#### PROBLEM DESCRIPTION
Print out every entry that follows, exactly as written.

#### Records contained in a dataset

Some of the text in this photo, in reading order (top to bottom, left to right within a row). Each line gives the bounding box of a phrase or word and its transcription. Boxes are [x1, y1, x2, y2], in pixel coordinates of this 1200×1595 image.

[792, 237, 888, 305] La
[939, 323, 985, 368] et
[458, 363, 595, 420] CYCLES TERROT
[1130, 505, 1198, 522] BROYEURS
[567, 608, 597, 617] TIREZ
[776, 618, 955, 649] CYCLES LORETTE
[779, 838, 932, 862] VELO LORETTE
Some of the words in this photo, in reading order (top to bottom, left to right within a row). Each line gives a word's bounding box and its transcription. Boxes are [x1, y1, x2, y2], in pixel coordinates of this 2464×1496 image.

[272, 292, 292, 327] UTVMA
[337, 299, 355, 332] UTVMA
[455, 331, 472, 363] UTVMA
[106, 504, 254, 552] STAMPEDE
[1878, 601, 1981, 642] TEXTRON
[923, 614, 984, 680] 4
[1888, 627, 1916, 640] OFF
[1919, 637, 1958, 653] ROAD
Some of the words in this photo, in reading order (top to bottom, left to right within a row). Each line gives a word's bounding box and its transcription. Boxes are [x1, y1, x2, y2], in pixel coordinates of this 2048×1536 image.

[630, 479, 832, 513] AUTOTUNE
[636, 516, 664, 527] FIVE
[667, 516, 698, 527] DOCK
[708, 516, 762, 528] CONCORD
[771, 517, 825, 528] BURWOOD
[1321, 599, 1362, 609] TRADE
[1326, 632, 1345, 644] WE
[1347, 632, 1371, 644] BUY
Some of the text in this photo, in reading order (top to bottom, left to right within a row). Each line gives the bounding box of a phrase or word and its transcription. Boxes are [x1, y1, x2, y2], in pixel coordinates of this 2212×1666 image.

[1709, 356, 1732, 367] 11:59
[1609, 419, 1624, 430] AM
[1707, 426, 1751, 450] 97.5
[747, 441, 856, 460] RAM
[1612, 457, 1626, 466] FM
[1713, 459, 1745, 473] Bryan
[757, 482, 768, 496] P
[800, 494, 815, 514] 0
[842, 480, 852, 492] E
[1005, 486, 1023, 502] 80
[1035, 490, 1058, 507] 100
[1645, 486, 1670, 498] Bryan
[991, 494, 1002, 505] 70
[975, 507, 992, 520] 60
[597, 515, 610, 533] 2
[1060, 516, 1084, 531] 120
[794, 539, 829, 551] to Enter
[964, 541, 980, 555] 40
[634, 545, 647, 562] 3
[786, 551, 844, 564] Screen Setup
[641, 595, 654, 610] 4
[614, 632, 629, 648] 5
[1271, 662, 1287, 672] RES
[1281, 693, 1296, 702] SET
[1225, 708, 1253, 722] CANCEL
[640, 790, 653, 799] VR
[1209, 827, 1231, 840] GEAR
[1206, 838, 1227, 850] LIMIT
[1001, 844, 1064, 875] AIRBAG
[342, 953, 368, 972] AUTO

#### RESPONSE TO THIS TASK
Some of the text in this photo, in reading order (top to bottom, left to right within a row). Each line gives the bounding box of a phrase or word and its transcription. Boxes are [x1, y1, x2, y2], in pixel coordinates of this 1200×1595 image.

[792, 237, 888, 305] La
[939, 323, 985, 368] et
[458, 363, 595, 420] CYCLES TERROT
[1130, 505, 1198, 522] BROYEURS
[567, 608, 597, 617] TIREZ
[776, 618, 955, 649] CYCLES LORETTE
[779, 838, 932, 862] VELO LORETTE
Some of the words in this photo, in reading order (top to bottom, left to right within a row). Each line gives a word's bounding box and its transcription. Boxes are [x1, y1, x2, y2], in pixel coordinates of this 2464×1496 image.

[272, 292, 292, 327] UTVMA
[337, 299, 355, 332] UTVMA
[455, 331, 472, 363] UTVMA
[106, 504, 254, 552] STAMPEDE
[1878, 601, 1981, 642] TEXTRON
[923, 614, 984, 680] 4
[1888, 627, 1916, 640] OFF
[1919, 637, 1958, 653] ROAD
Some of the words in this photo, in reading order (top to bottom, left to right within a row). Each line gives a word's bounding box and its transcription. Boxes are [x1, y1, x2, y2], in pixel coordinates of this 2048×1536 image.

[630, 479, 832, 513] AUTOTUNE
[636, 516, 664, 527] FIVE
[667, 516, 698, 527] DOCK
[708, 516, 762, 528] CONCORD
[771, 517, 825, 528] BURWOOD
[1321, 599, 1362, 609] TRADE
[1326, 632, 1345, 644] WE
[1347, 632, 1371, 644] BUY
Some of the text in this photo, in reading order (top to bottom, left to right within a row). Each line gives the bounding box of a phrase or word and its transcription. Boxes are [x1, y1, x2, y2], in pixel coordinates of this 2212×1666 image.

[1709, 356, 1732, 367] 11:59
[1609, 419, 1624, 430] AM
[1707, 426, 1751, 450] 97.5
[747, 441, 856, 460] RAM
[1612, 457, 1626, 466] FM
[1713, 459, 1745, 473] Bryan
[757, 482, 768, 496] P
[800, 494, 815, 514] 0
[842, 480, 852, 492] E
[1005, 486, 1023, 502] 80
[1035, 490, 1058, 507] 100
[1645, 486, 1670, 498] Bryan
[991, 494, 1002, 505] 70
[975, 507, 992, 520] 60
[597, 515, 610, 533] 2
[1060, 516, 1084, 531] 120
[794, 539, 829, 551] to Enter
[964, 541, 980, 555] 40
[634, 545, 647, 562] 3
[786, 551, 844, 564] Screen Setup
[641, 595, 654, 610] 4
[614, 632, 629, 648] 5
[1271, 662, 1287, 672] RES
[1281, 693, 1296, 702] SET
[1225, 708, 1253, 722] CANCEL
[640, 790, 653, 799] VR
[1209, 827, 1231, 840] GEAR
[1206, 838, 1227, 850] LIMIT
[1001, 844, 1064, 875] AIRBAG
[342, 953, 368, 972] AUTO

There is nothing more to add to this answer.